• **Exercise directions**
Could you retype the records word for word but without any pictures?

BEGIN Material provided

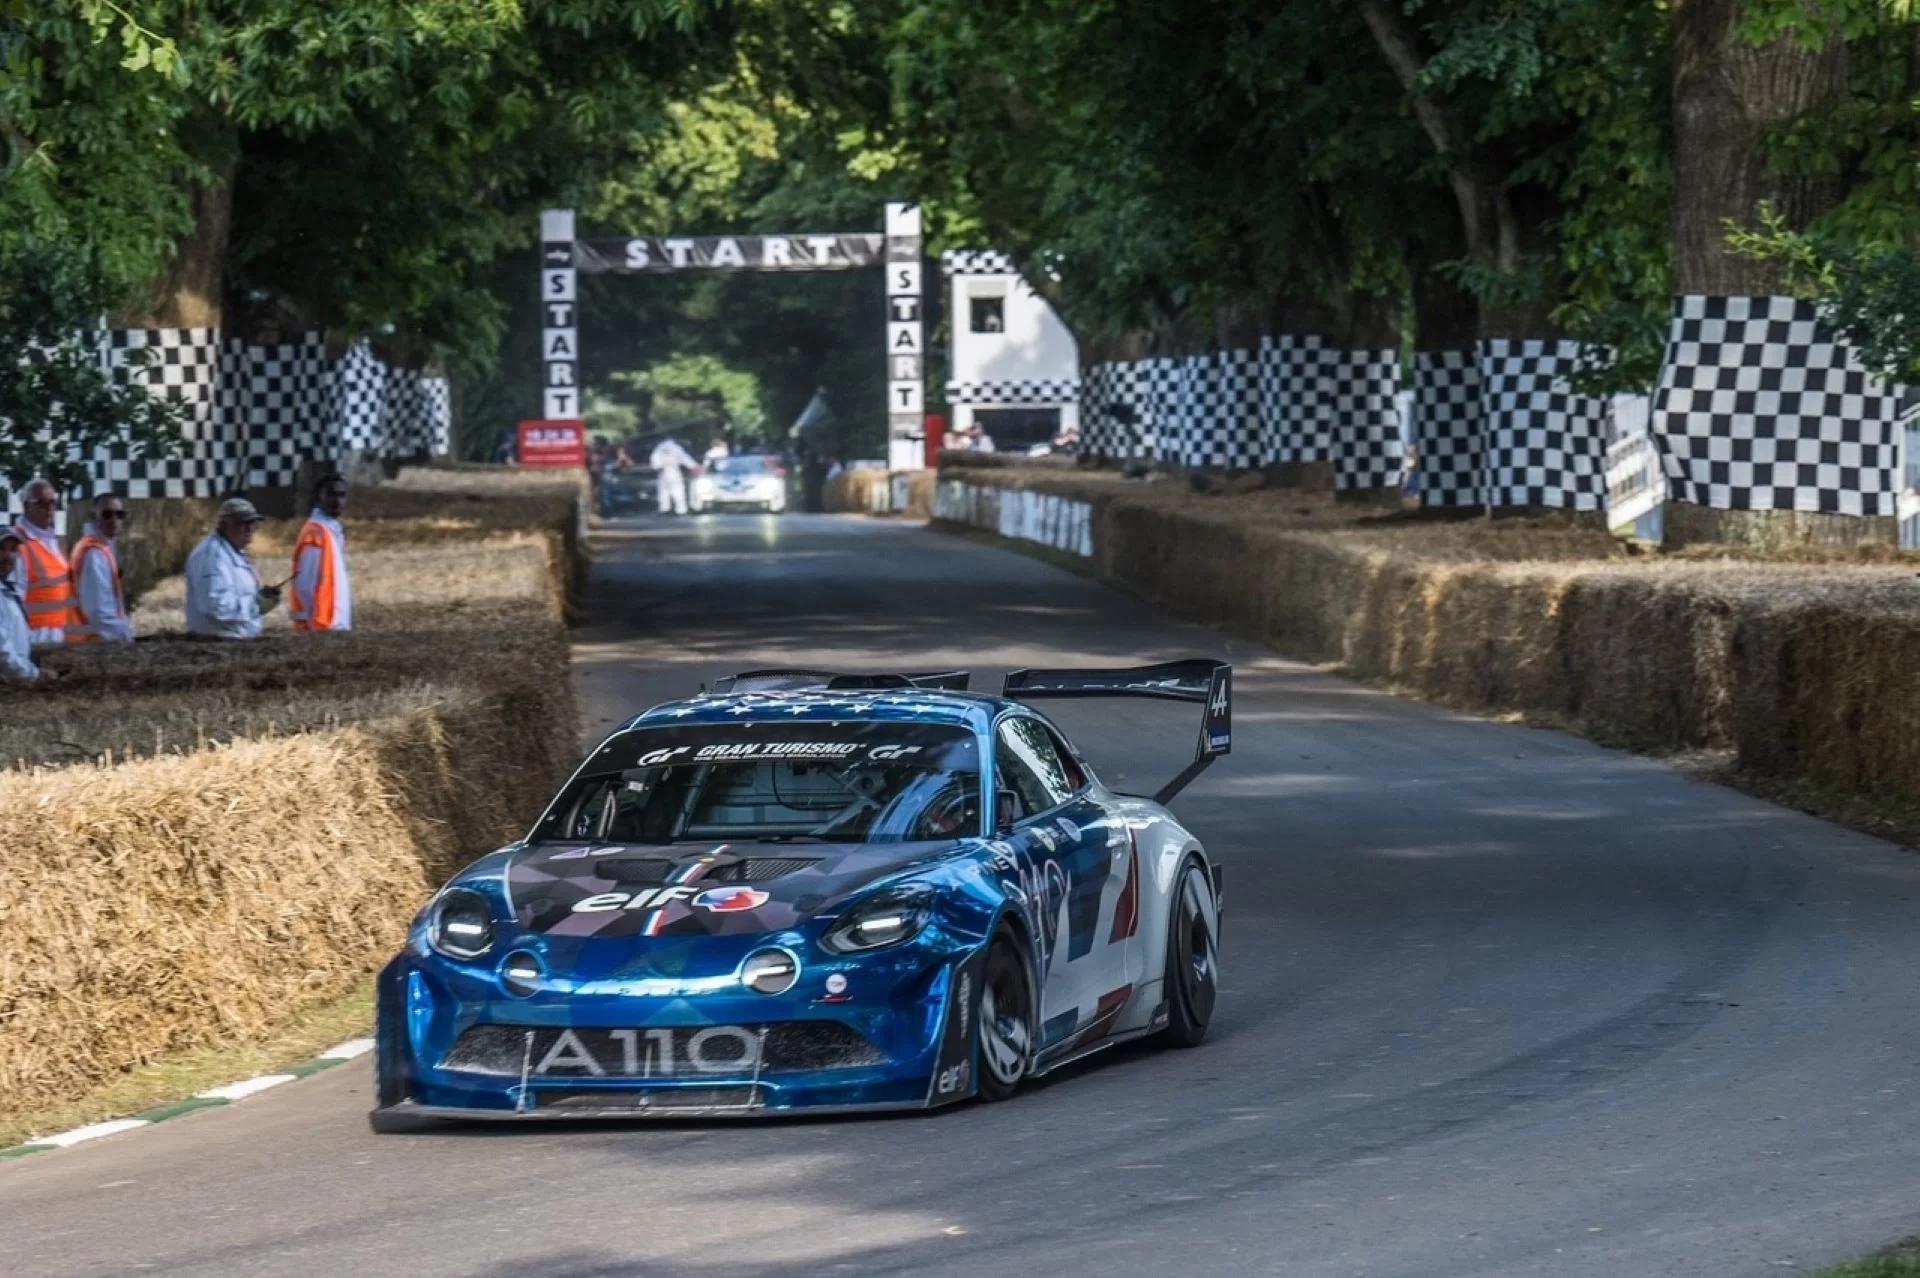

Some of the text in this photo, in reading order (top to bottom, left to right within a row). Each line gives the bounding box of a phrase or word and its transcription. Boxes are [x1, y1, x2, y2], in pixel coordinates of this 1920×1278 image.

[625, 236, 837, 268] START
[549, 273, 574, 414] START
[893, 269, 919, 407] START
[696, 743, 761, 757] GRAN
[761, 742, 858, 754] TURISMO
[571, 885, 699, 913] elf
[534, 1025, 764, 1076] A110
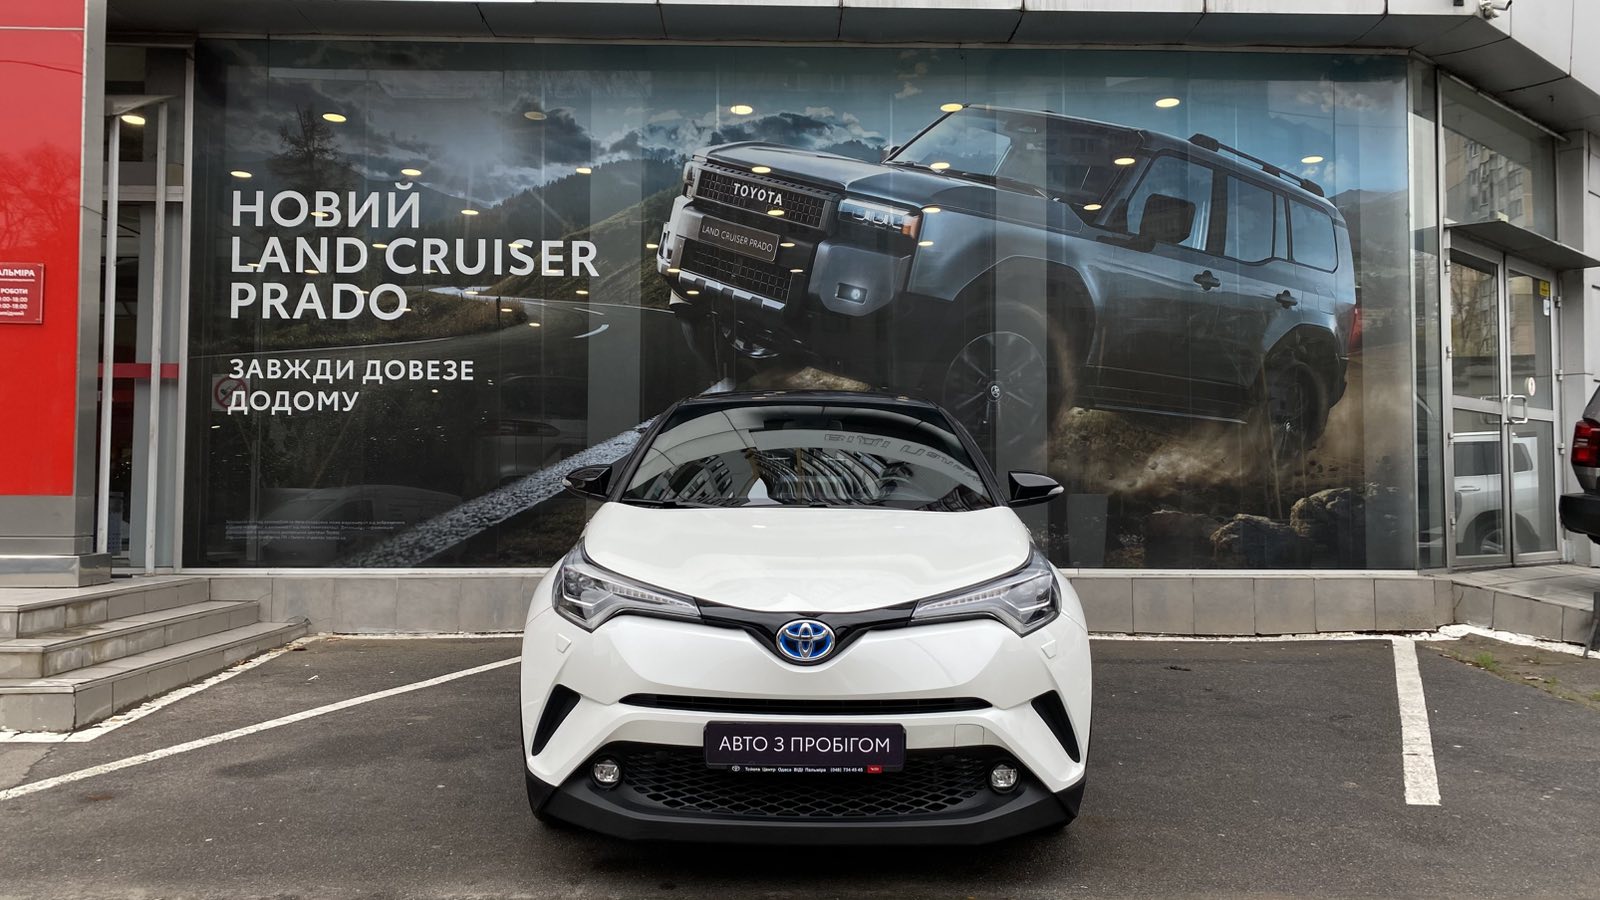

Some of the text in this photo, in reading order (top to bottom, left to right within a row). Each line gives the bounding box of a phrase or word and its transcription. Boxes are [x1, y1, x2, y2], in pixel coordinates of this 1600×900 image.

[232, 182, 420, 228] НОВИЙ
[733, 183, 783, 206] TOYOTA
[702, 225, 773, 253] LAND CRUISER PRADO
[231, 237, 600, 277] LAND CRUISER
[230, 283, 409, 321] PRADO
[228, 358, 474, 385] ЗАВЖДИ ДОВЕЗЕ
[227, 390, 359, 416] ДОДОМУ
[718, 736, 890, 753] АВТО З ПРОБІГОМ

END Material provided

• **Exercise output**
Some of the text in this photo, in reading order (top to bottom, left to right within a row). Each line gives the bounding box of a phrase or word and its transcription. Boxes are [x1, y1, x2, y2], in pixel coordinates of this 1920×1278 image.

[625, 236, 837, 268] START
[549, 273, 574, 414] START
[893, 269, 919, 407] START
[696, 743, 761, 757] GRAN
[761, 742, 858, 754] TURISMO
[571, 885, 699, 913] elf
[534, 1025, 764, 1076] A110

Some of the text in this photo, in reading order (top to bottom, left to right within a row). Each line gives the bounding box of a phrase or word and its transcription. Boxes are [x1, y1, x2, y2], in pixel coordinates of this 1600×900 image.

[232, 182, 420, 228] НОВИЙ
[733, 183, 783, 206] TOYOTA
[702, 225, 773, 253] LAND CRUISER PRADO
[231, 237, 600, 277] LAND CRUISER
[230, 283, 409, 321] PRADO
[228, 358, 474, 385] ЗАВЖДИ ДОВЕЗЕ
[227, 390, 359, 416] ДОДОМУ
[718, 736, 890, 753] АВТО З ПРОБІГОМ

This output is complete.